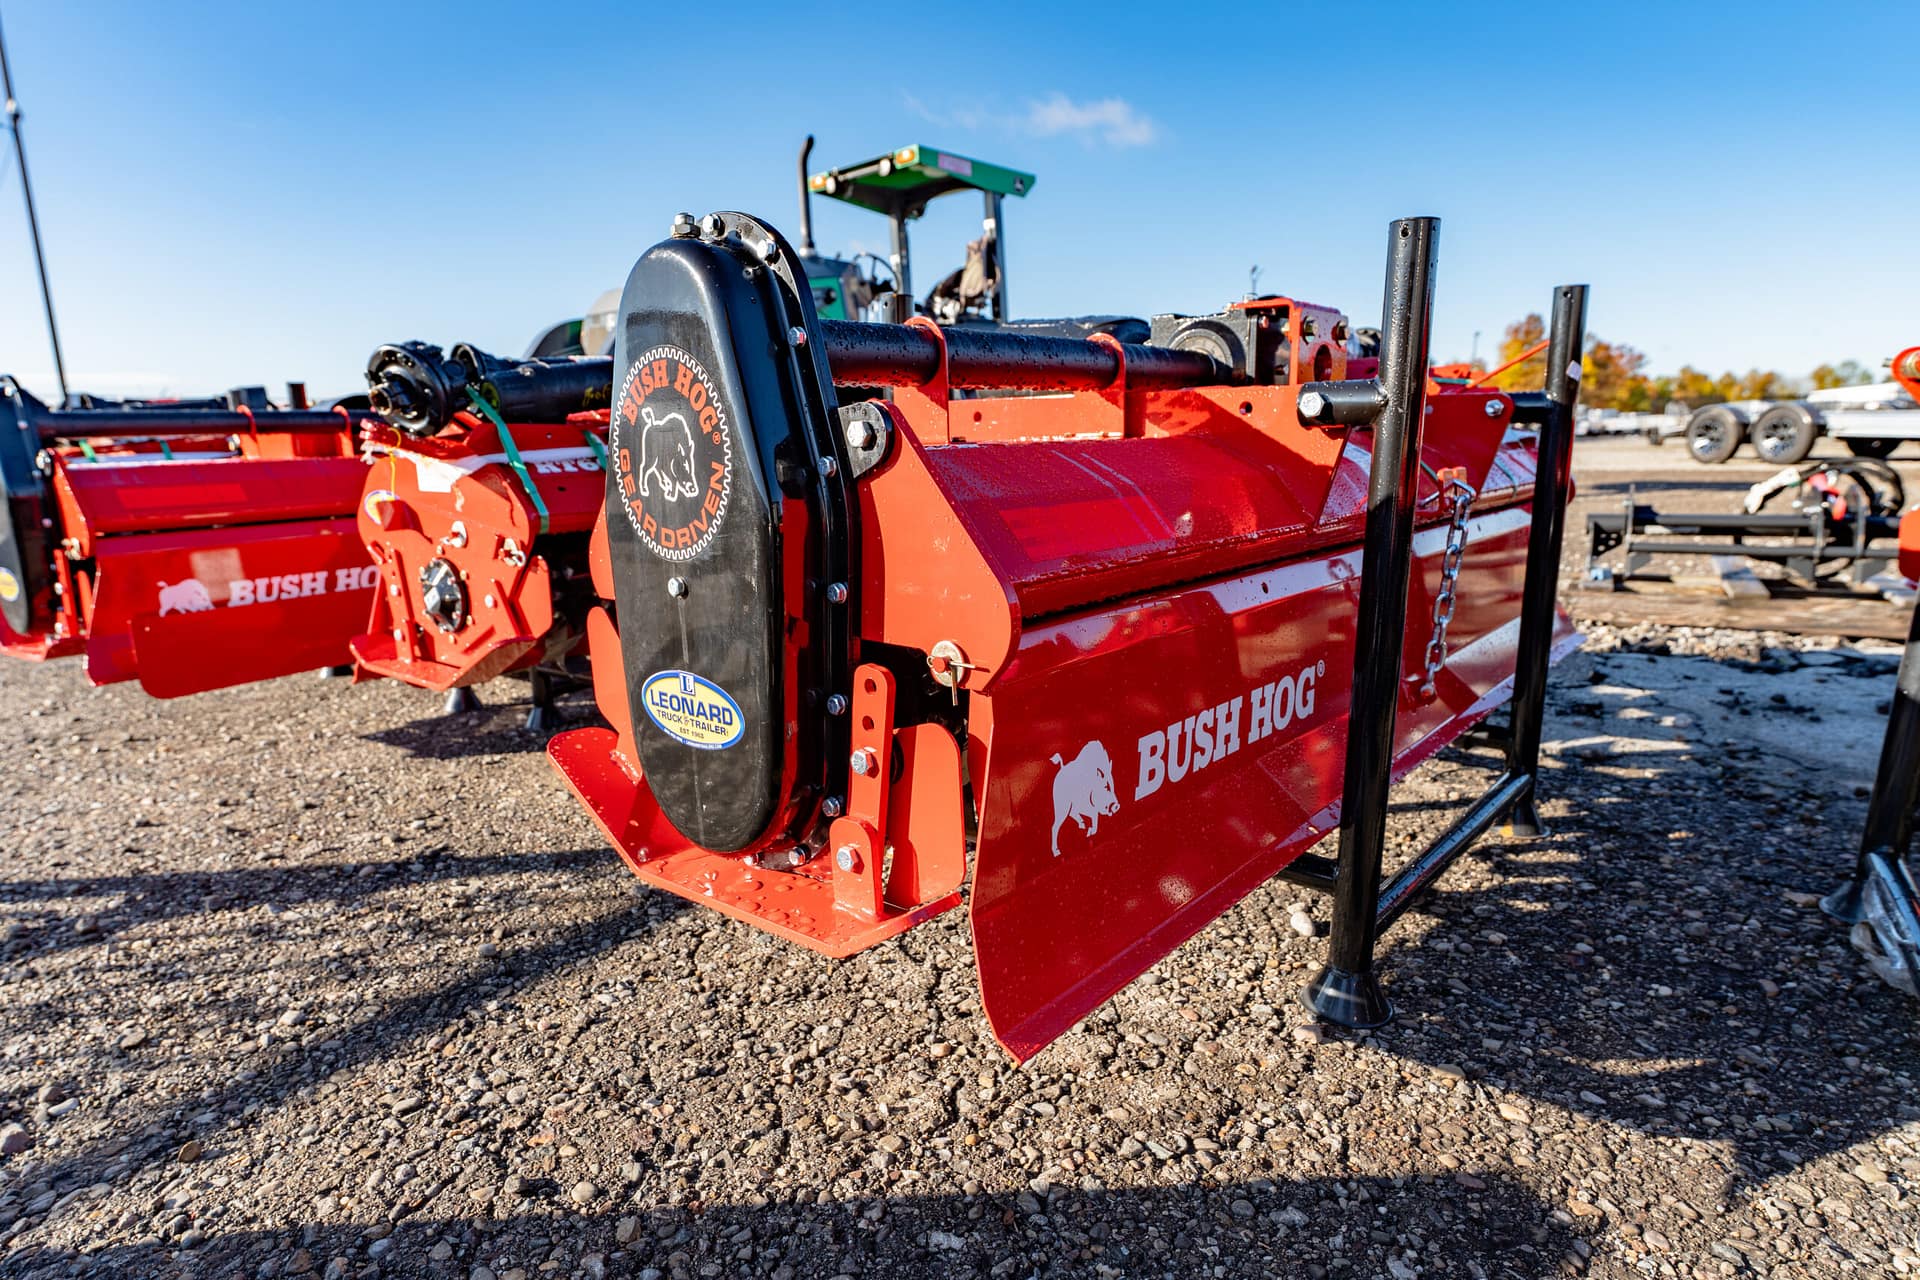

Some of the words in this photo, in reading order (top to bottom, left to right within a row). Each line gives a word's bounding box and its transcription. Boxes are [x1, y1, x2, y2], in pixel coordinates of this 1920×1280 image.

[622, 359, 669, 426] BUSH
[620, 448, 657, 539] GEAR
[660, 461, 724, 548] DRIVEN
[227, 571, 329, 608] BUSH
[334, 565, 380, 593] HO
[650, 688, 733, 726] LEONARD
[656, 709, 682, 725] TRUCK
[690, 718, 726, 736] TRAILER
[1134, 695, 1243, 802] BUSH

**********

Drop the pictures and reproduce the rest of the data above exactly.

Some of the words in this photo, in reading order (top to bottom, left to right within a row). Each line gives a word's bounding box and its transcription. Boxes are [x1, y1, x2, y2], in pixel coordinates of this 1920×1280 image.

[622, 359, 669, 426] BUSH
[620, 448, 657, 539] GEAR
[660, 461, 724, 548] DRIVEN
[227, 571, 329, 608] BUSH
[334, 565, 380, 593] HO
[650, 688, 733, 726] LEONARD
[656, 709, 682, 725] TRUCK
[690, 718, 726, 736] TRAILER
[1134, 695, 1243, 802] BUSH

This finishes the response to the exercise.